What online retailers got wrong about algorithms and AI
Around the time the COVID-19 pandemic took hold in 2020, a cluster of e-commerce, direct-to-consumer fashion, personal care and prepared meal kit companies were hailed as cutting-edge retailers. reinventing the online shopping experience by crunching customer behavior data.
2018 industry trade journal RetailDive.com said Lake Katrina “Disruptor of the Yearfor her role as founder and CEO of stitch correction, a fashion site offering a subscription service of products curated by 3,900 part-time stylists. In an article published in the Harvard Business Review around the same time, Lake described his company as “a data science operation,” whose revenue “depends on excellent recommendations from its algorithm.”
Stitch Fix was one of the most visible examples of the rise of so-called subscription box retailers. The list includes beauty product retailers birch, which “curates” and ships subscribers a collection of products based on past purchases and algorithms that rank consumers based on age, location, and other data points. blue aprona ready-meal subscription service, was another notable entrant.
At the start of 2021, three years after the company’s IPO, Stitch Fix’s market capitalization stood at $10 billion.
Now, just eighteen months later, the stock has lost around 95% of its value and the company is expected to post its first annual decline in sales since its IPO in 2017.
In the same way, blue apron has turned into an even uglier investment trainwreck — five years after its stock debuted at $140 a share, it’s trading under $4.
Why were the disruptors disrupted?
It turns out the warning signs were clear in 2018. In an article on Quartz.comLuis Perez-Breva, a lecturer and researcher at MIT’s School of Engineering, warned that “many retailers have forgotten what really helps customers: in-store support by human workers.”
According to Perez-Breva, “in order to receive clean data for machine learning (artificial intelligence or AI), for example, many retailers send customers questionnaires that are easier for computers to process.”
But, he says, “customers are not AIs. Most never respond to questionnaires and many fill out what they remember. This leaves retailers with… bad data.
Also in 2018, consulting giant McKinsey & Co. surveyed over 5,000 US consumers on subscription services and found that “churn rates are high (nearly 40%)…and consumers are quickly canceling services that don’t deliver superior end-to-end experiences.”
The McKinsey report concluded that “consumers do not have an inherent love of subscriptions. On the contrary, the obligation to subscribe to a recurring service slows down demand and makes it more difficult to acquire customers. »

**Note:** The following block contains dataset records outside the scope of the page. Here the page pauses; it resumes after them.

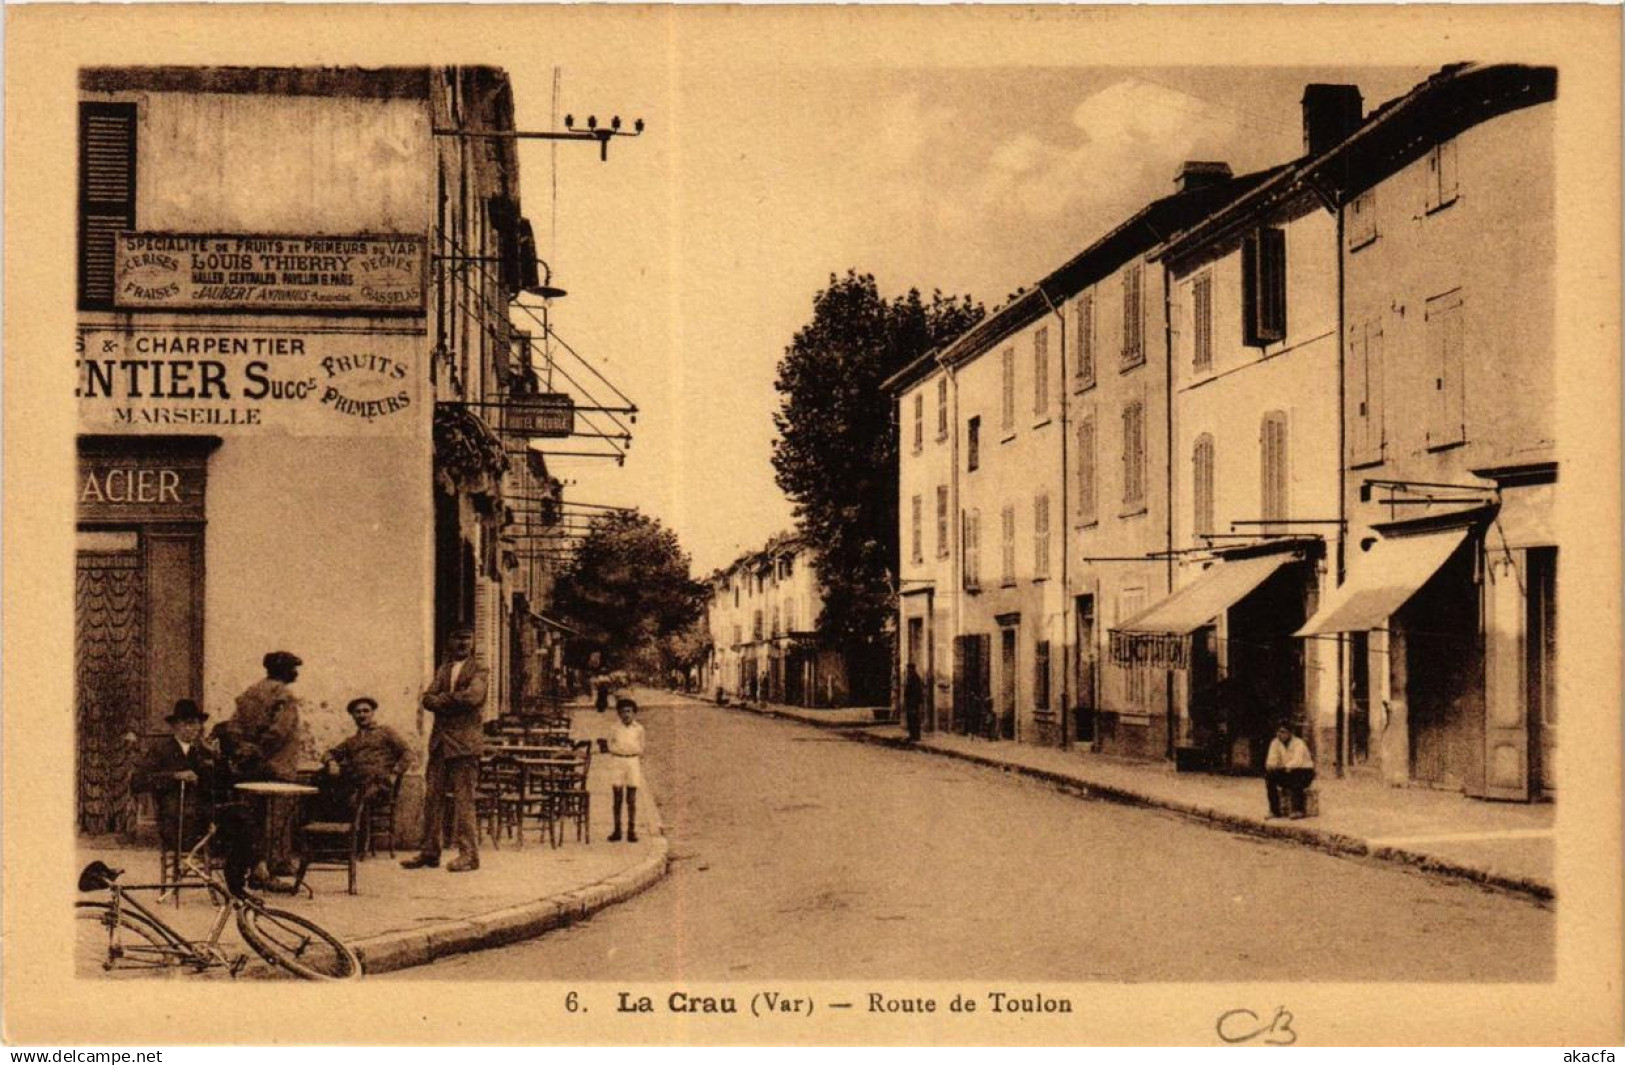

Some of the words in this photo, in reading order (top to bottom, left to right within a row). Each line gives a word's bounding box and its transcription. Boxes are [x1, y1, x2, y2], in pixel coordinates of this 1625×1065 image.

[237, 240, 284, 253] FRUITS
[304, 241, 367, 254] PRIMEURS
[387, 241, 417, 255] VAR
[126, 253, 179, 272] CERISES
[191, 253, 253, 270] LOUIS
[259, 254, 355, 272] THIERRY
[124, 282, 180, 299] FRAISES
[102, 339, 119, 353] &
[135, 336, 305, 356] CHARPENTIER
[321, 353, 408, 379] FRUITS
[320, 385, 411, 419] PRIMEURS
[114, 407, 261, 426] MARSEILLE
[80, 469, 182, 503] ACIER

Meanwhile, several academics have written about the risks associated with collecting data on individual buyers. It can be helpful for a consumer to have a retailer know their shoe size and preferred color. But what happens when the data collected by AI and algorithms includes the purchase of birth control pills?

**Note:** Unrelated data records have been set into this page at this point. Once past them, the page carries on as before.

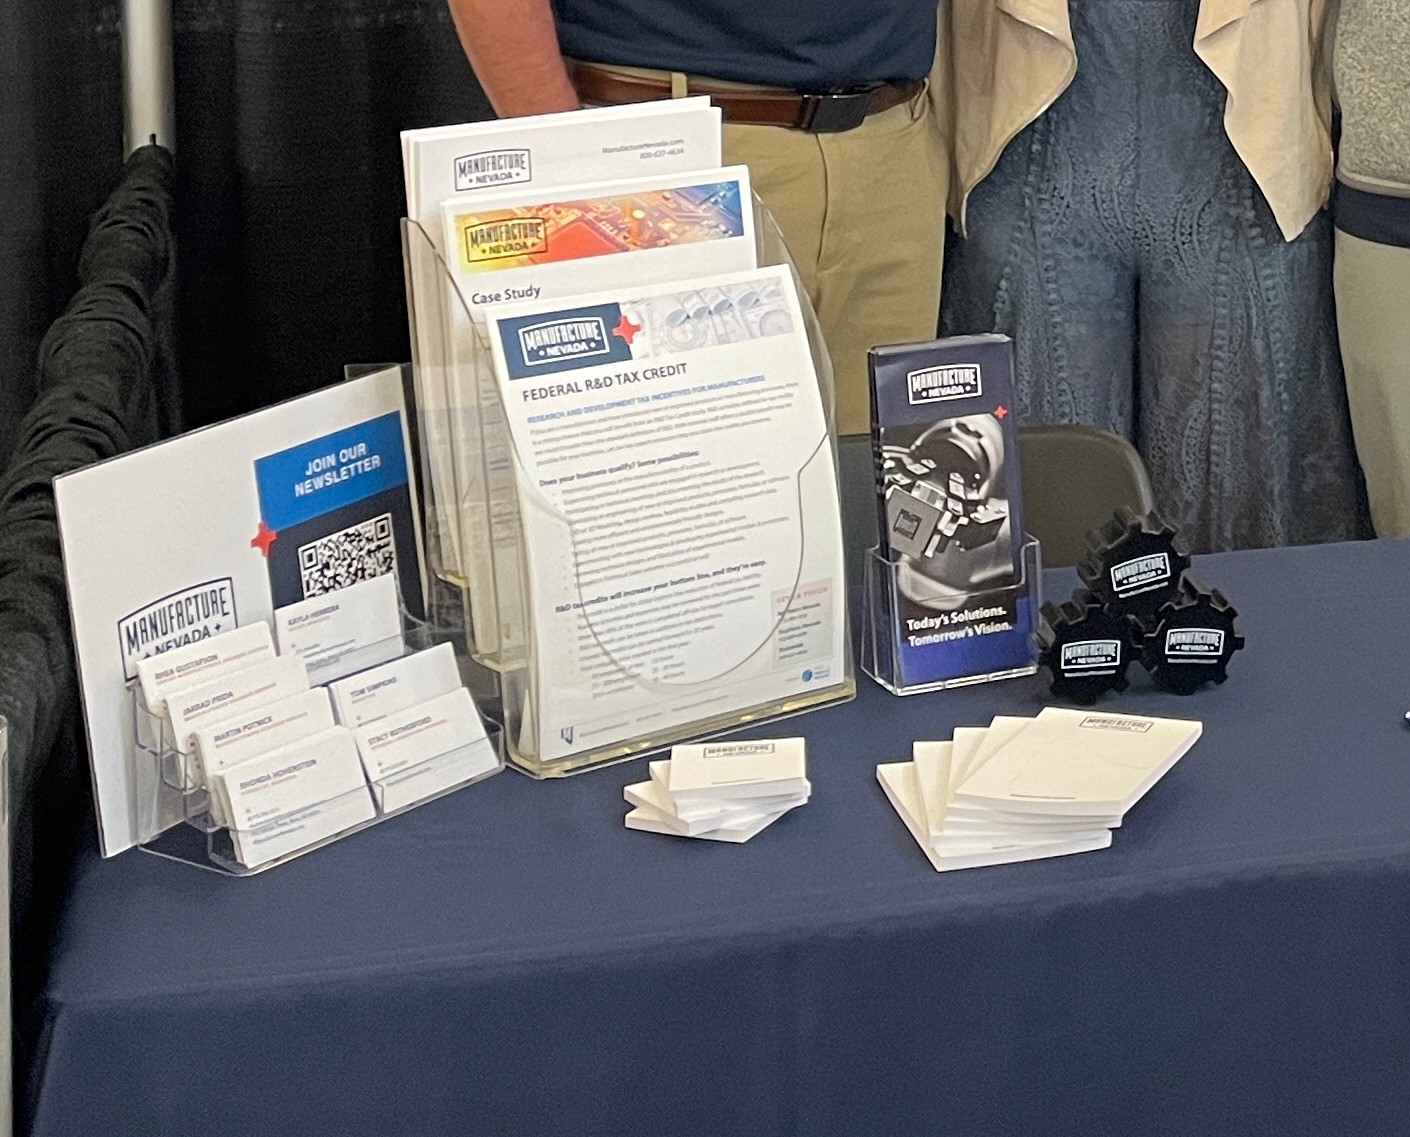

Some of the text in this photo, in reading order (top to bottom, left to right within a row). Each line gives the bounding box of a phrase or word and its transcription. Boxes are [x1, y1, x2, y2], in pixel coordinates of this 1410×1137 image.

[459, 152, 528, 179] MANUFACTURE
[475, 171, 514, 185] NEVADA
[469, 221, 542, 249] MANUFACTURE
[489, 241, 530, 255] NEVADA
[471, 284, 542, 305] Case Study
[523, 320, 602, 352] MANUFACTURE
[546, 341, 589, 357] NEVADA
[522, 362, 688, 403] FEDERAL R&D TAX CREDIT
[911, 368, 977, 392] MANUFACTURE
[305, 442, 368, 476] JOIN OUR
[294, 454, 383, 498] NEWSLETTER
[125, 585, 231, 656] MANUFACTURE
[906, 605, 1007, 632] Today's Solutions.
[907, 621, 1014, 648] Tomorrow's Vision.

For a long-time participant and observer of the retail industry, an old maxim comes to mind: the more things change, the more they stay the same. AI is a powerful tool in managing logistics, inventory, and a host of other business management issues. In the case of anticipating consumer behavior, some of them are useful, but only if they are used correctly.
If retailers want to know what consumers want, they have a proven way to find out – by testing products and pricing before committing valuable capital. Instead of analyzing data based on past behavior or “curating” profiles of consumer subgroups based on machine learning, retailers can more accurately predict trends and future demand using insights collected online in real time with real buyers. And, if you’re going to apply an algorithm, you better prove it works time and time again.